New recommendations recently released by the FDA demonstrate the changing environment for conflicts of interest management and emphasize the need for pharmaceutical companies, medical device manufacturers and health care providers to ensure they have internal processes that adequately anticipate and meet the baseline requirements.

On May 25, 2011, the U.S. Food and Drug Administration (FDA) released a new draft guidance entitled Guidance for Clinical Investigators, Industry, and FDA Staff: Financial Disclosure by Clinical Investigators (Draft Guidance). Comments regarding this Draft Guidance are due to the FDA no later than July 25, 2011.
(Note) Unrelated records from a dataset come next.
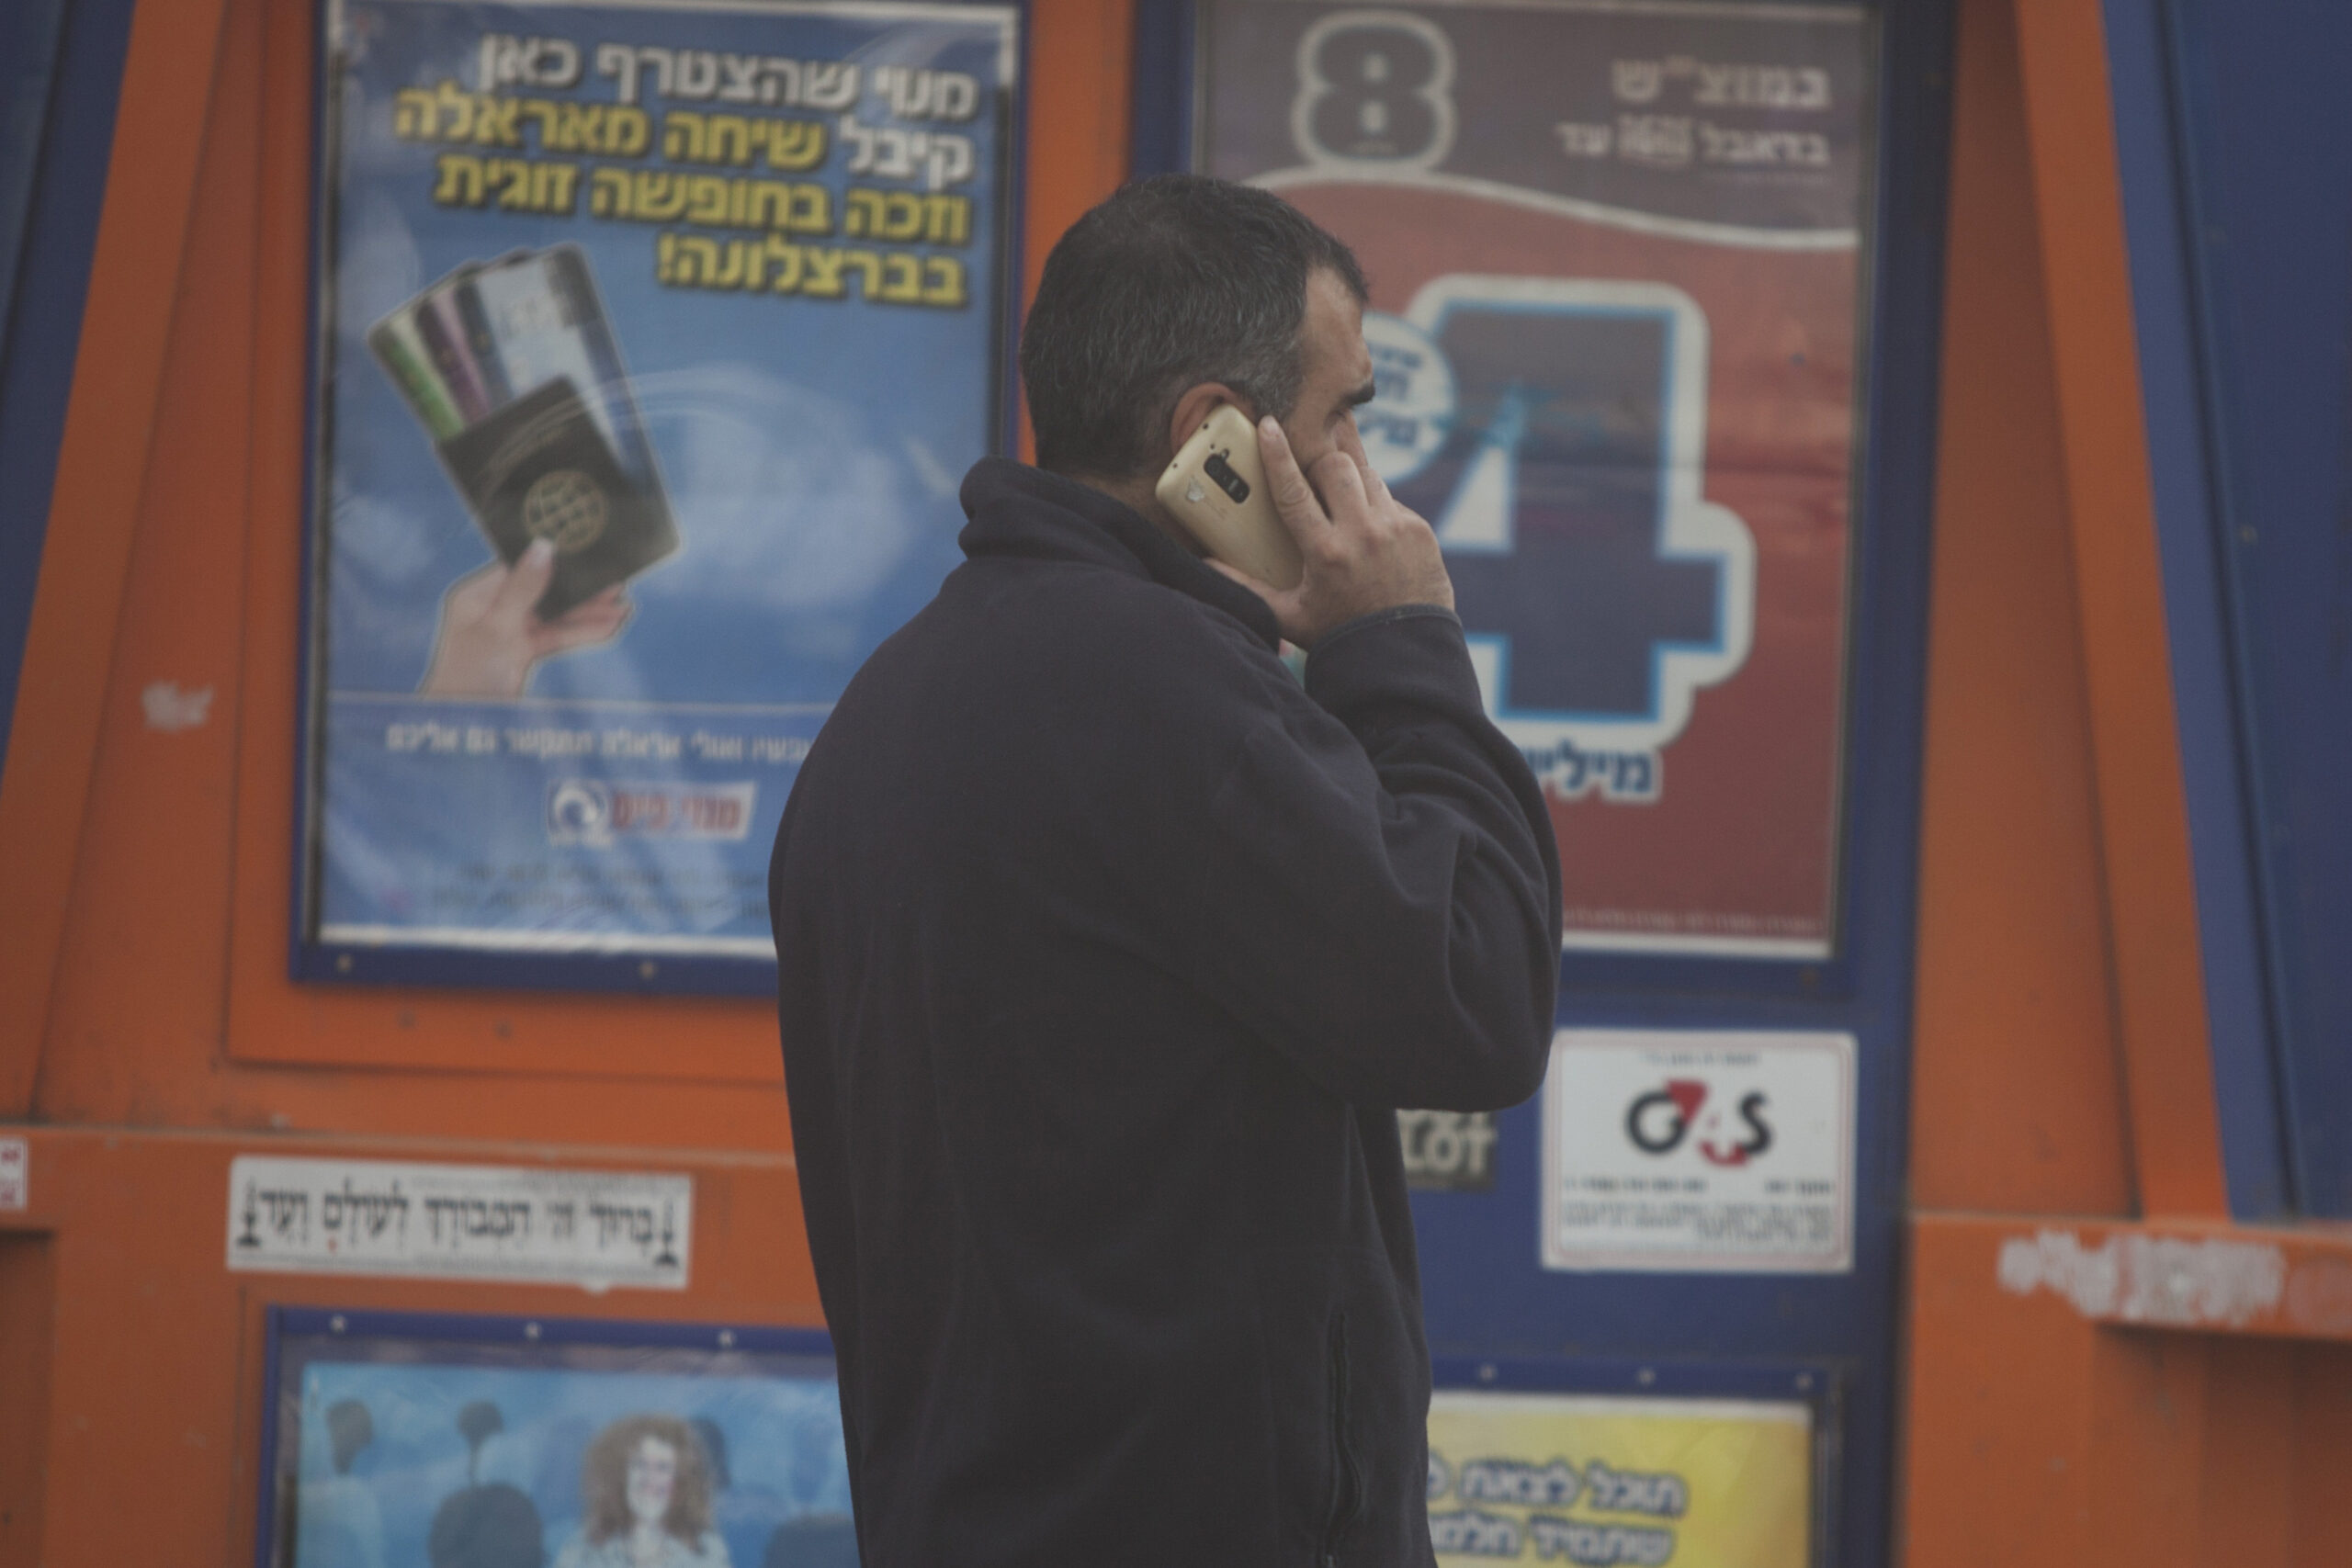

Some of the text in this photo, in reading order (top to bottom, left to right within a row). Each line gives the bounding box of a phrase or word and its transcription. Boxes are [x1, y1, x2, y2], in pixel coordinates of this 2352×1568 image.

[478, 34, 978, 118] מנוי שהצטרף כאן
[1295, 11, 1454, 169] 8
[395, 79, 973, 190] קיבל שיחה מאראלה
[435, 154, 970, 244] וזכה בחופשה זוגית
[658, 233, 964, 305] בברצלונה!
[1392, 299, 1729, 721] 4
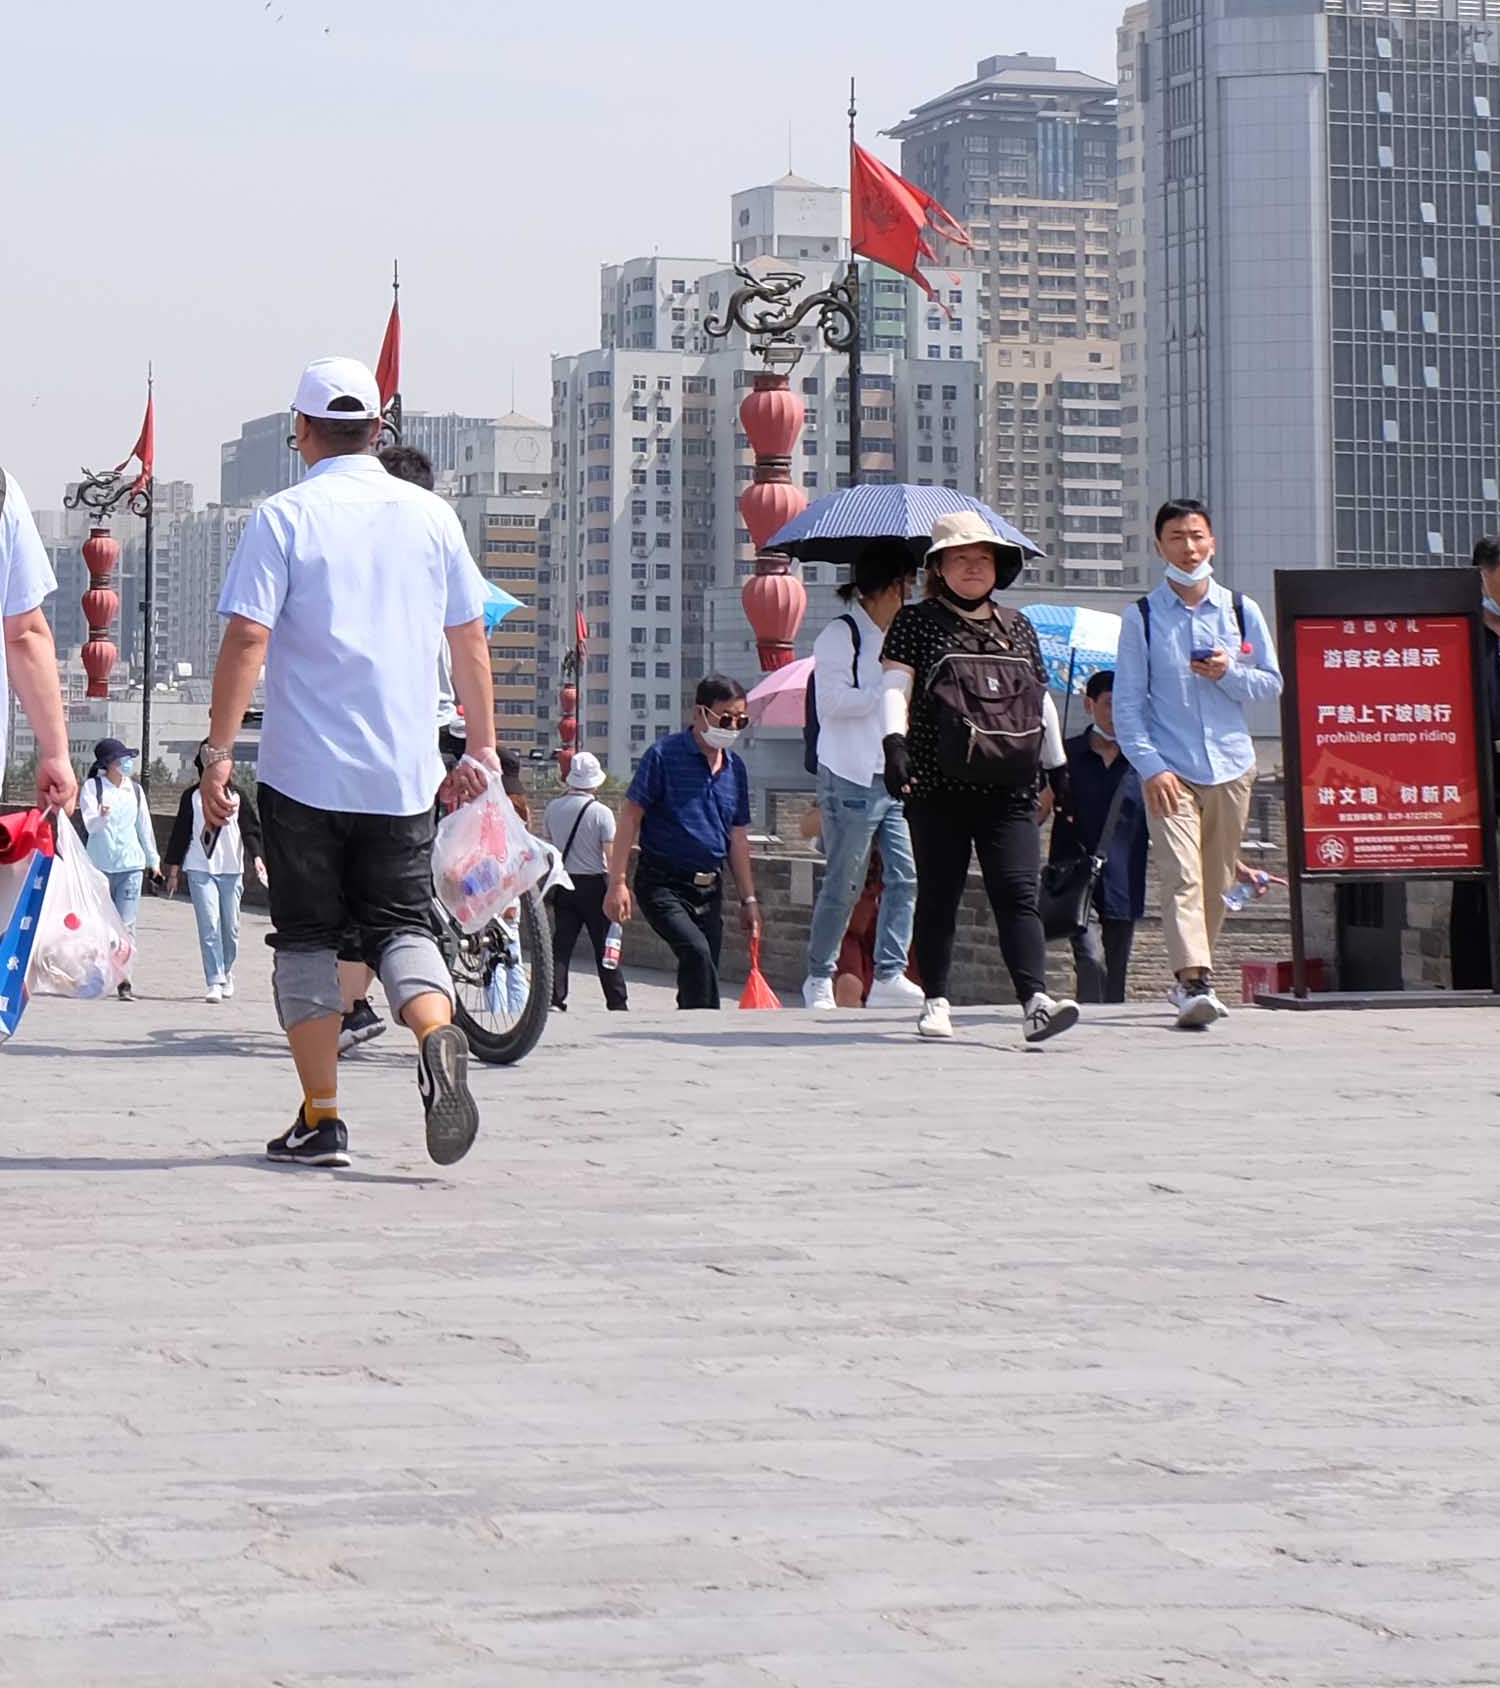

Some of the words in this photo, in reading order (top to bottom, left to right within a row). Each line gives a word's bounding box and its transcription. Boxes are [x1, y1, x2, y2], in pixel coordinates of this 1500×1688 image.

[1323, 648, 1441, 668] 游客安全提示
[1317, 703, 1453, 724] 严禁上下坡骑行
[1316, 731, 1382, 746] prohibited
[1384, 732, 1417, 744] ramp
[1419, 729, 1457, 744] riding
[1318, 786, 1378, 805] 讲文明
[1400, 785, 1462, 803] 树新风
Though the Draft Guidance is not the final statement of the FDA’s position on this topic, it provides an opportunity for the pharmaceutical and device industry, health care providers and institutions to evaluate their current conflict of interest programs and consider modifications to align their programs with these new anticipated standards. The Draft Guidance would revise and replace the FDA’s 2001 publication, Guidance for Industry: Financial Disclosure by Clinical Investigators (the 2001 Guidance). The issuance of the Draft Guidance by the FDA suggests that the agency will be scrutinizing more closely investigator and institutional compliance in the management of conflicts of interest. In addition, the Draft Guidance clearly anticipates that investigators, institutions and industry will take meaningful and coordinated steps to implement the FDA’s regulations, and such compliance may require a substantive, thorough and deliberative process that exceeds the simple administrative exercise of collecting forms.